Benoit Collins, Sho Matsumoto, On some properties of orthogonal Weingarten functions, arXiv 0903.5143.

class sage.combinat.perfect_matching.PerfectMatching(parent, s, check=True, sort=True)#

Bases: SetPartition

A perfect matching.

A perfect matching of a set \(X\) is a set partition of \(X\) where all parts have size 2.

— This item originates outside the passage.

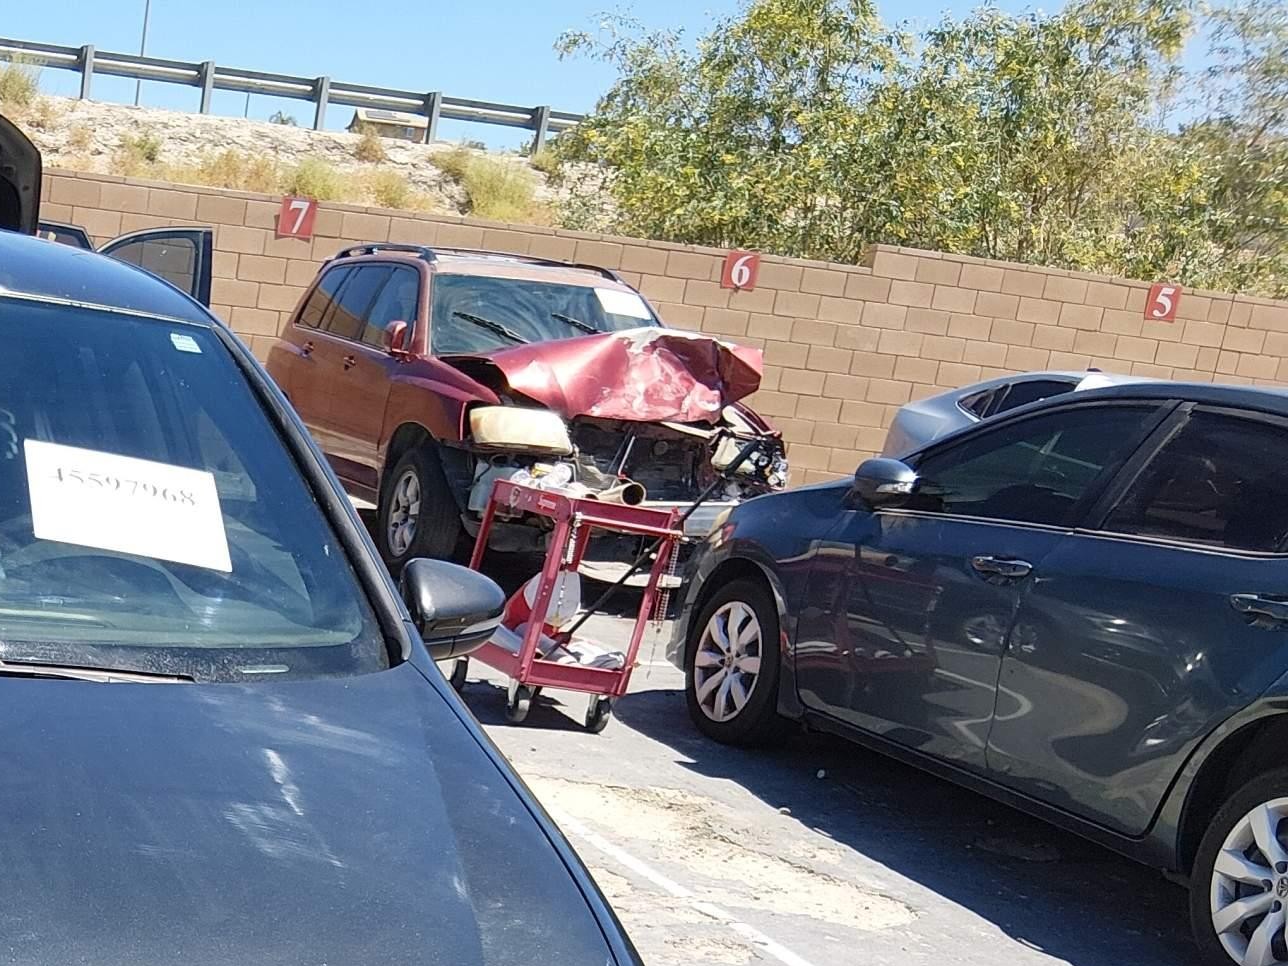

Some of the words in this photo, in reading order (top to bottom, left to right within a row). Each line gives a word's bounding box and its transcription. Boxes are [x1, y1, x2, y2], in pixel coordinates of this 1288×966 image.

[289, 200, 310, 234] 7
[731, 255, 754, 286] 6
[1152, 287, 1176, 317] 5

A perfect matching can be created from a list of pairs or from a fixed point-free involution as follows:

sage: m = PerfectMatching([('a','e'),('b','c'),('d','f')]);m
[('a', 'e'), ('b', 'c'), ('d', 'f')]
sage: n = PerfectMatching([3,8,1,7,6,5,4,2]);n
[(1, 3), (2, 8), (4, 7), (5, 6)]
sage: isinstance(m,PerfectMatching)
True

The parent, which is the set of perfect matchings of the ground set, is automatically created:

sage: n.parent()
Perfect matchings of {1, 2, 3, 4, 5, 6, 7, 8}

If the ground set is ordered, one can, for example, ask if the matching is non crossing:

sage: PerfectMatching([(1, 4), (2, 3), (5, 6)]).is_noncrossing()
True
Weingarten_function(d, other=None)#

Return the Weingarten function of two pairings.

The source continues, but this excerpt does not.